═════ Data for analysis

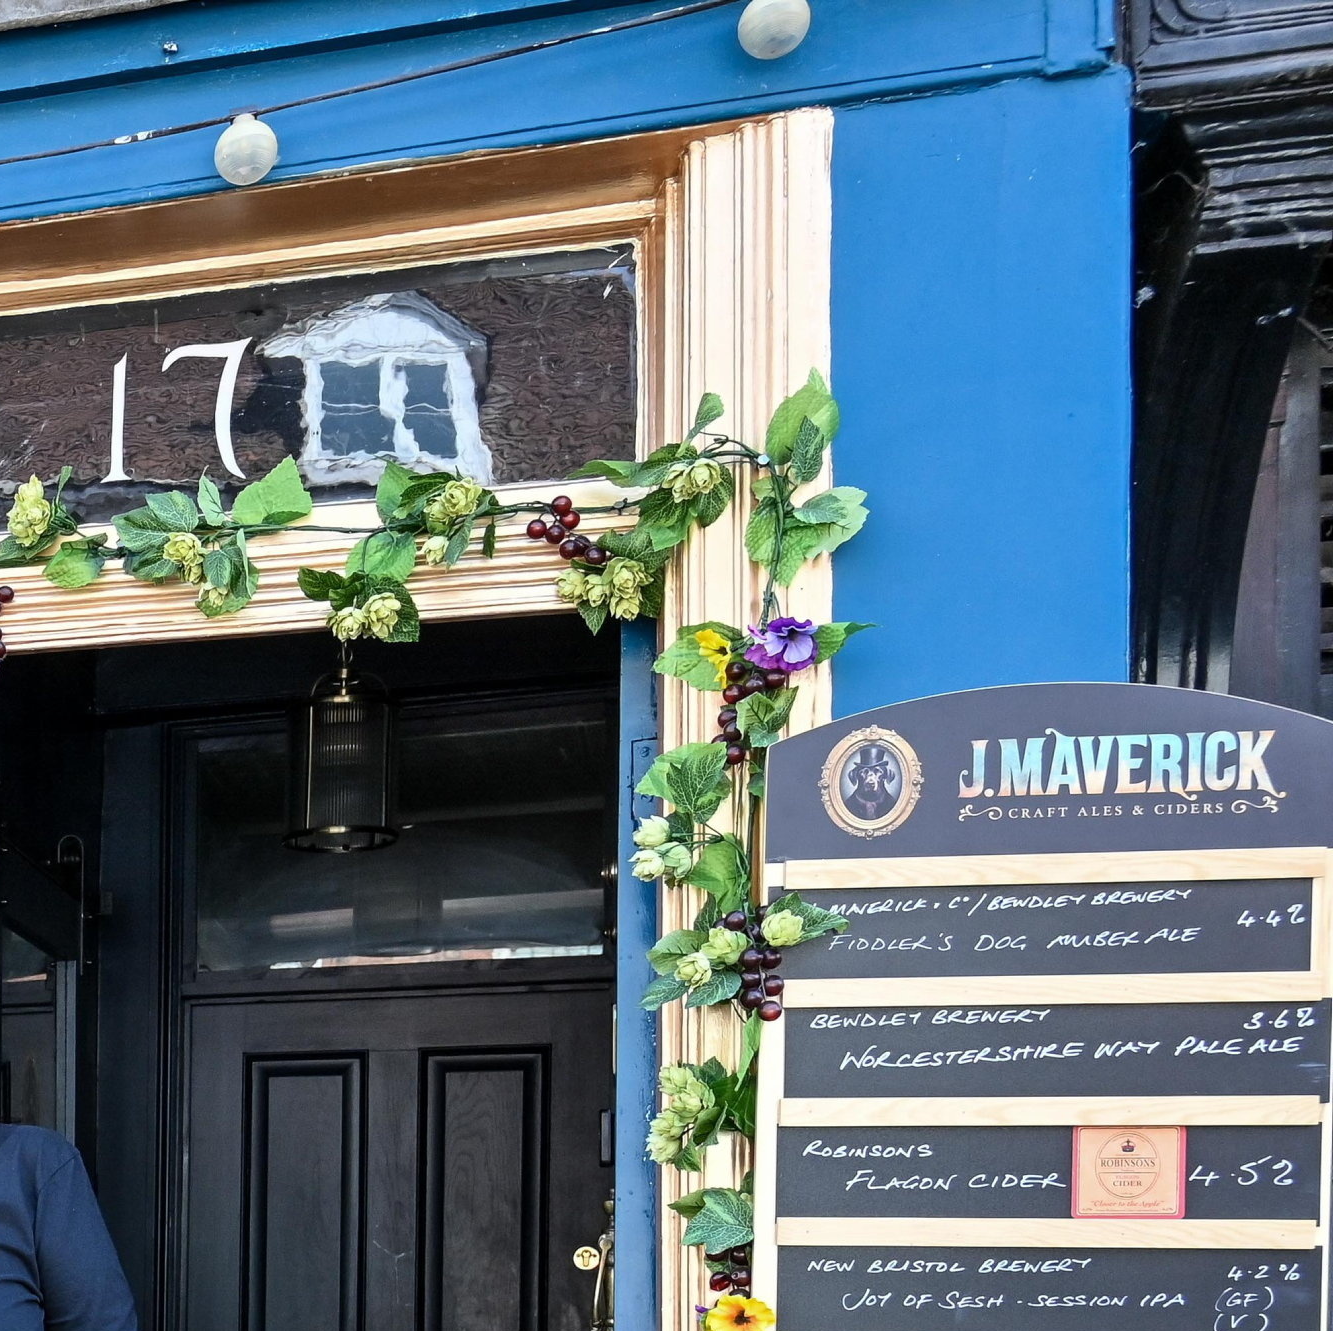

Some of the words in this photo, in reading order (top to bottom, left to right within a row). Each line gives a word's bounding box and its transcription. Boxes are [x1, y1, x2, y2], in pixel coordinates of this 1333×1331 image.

[102, 337, 252, 484] 17
[959, 728, 1286, 801] J.MAVERICK
[1008, 807, 1068, 819] CRAFT
[1078, 805, 1123, 817] ALES
[1132, 805, 1144, 816] &
[1154, 803, 1224, 816] CIDERS
[829, 898, 927, 916] MAVERICK
[1091, 889, 1192, 905] BREWERY
[829, 933, 953, 951] FIDDLER'S
[974, 935, 1026, 951] DOG
[1047, 931, 1139, 948] AMBER
[1144, 928, 1201, 943] ALE
[810, 1012, 921, 1028] BEWDLEY
[932, 1009, 1050, 1024] BREWERY
[840, 1043, 1084, 1070] WORCESTERSHIRE
[1094, 1041, 1160, 1058] WAY
[1174, 1036, 1243, 1056] PALE
[1248, 1037, 1304, 1053] ALE
[803, 1140, 932, 1158] ROBINSONS
[1101, 1159, 1156, 1168] ROBINSONS
[846, 1170, 957, 1191] FLAGON
[969, 1173, 1066, 1188] CIDER
[808, 1259, 855, 1271] NEW
[867, 1260, 965, 1273] BRISTOL
[978, 1258, 1091, 1273] BREWERY
[843, 1289, 892, 1310] JOY
[904, 1294, 932, 1309] OF
[938, 1291, 1003, 1309] SESH
[1028, 1295, 1128, 1306] SESSION
[1140, 1293, 1184, 1307] IPA

══════════

Write the lines above out again exactly, without any of their pictures.

Some of the words in this photo, in reading order (top to bottom, left to right within a row). Each line gives a word's bounding box and its transcription. Boxes are [x1, y1, x2, y2], in pixel coordinates of this 1333×1331 image.

[102, 337, 252, 484] 17
[959, 728, 1286, 801] J.MAVERICK
[1008, 807, 1068, 819] CRAFT
[1078, 805, 1123, 817] ALES
[1132, 805, 1144, 816] &
[1154, 803, 1224, 816] CIDERS
[829, 898, 927, 916] MAVERICK
[1091, 889, 1192, 905] BREWERY
[829, 933, 953, 951] FIDDLER'S
[974, 935, 1026, 951] DOG
[1047, 931, 1139, 948] AMBER
[1144, 928, 1201, 943] ALE
[810, 1012, 921, 1028] BEWDLEY
[932, 1009, 1050, 1024] BREWERY
[840, 1043, 1084, 1070] WORCESTERSHIRE
[1094, 1041, 1160, 1058] WAY
[1174, 1036, 1243, 1056] PALE
[1248, 1037, 1304, 1053] ALE
[803, 1140, 932, 1158] ROBINSONS
[1101, 1159, 1156, 1168] ROBINSONS
[846, 1170, 957, 1191] FLAGON
[969, 1173, 1066, 1188] CIDER
[808, 1259, 855, 1271] NEW
[867, 1260, 965, 1273] BRISTOL
[978, 1258, 1091, 1273] BREWERY
[843, 1289, 892, 1310] JOY
[904, 1294, 932, 1309] OF
[938, 1291, 1003, 1309] SESH
[1028, 1295, 1128, 1306] SESSION
[1140, 1293, 1184, 1307] IPA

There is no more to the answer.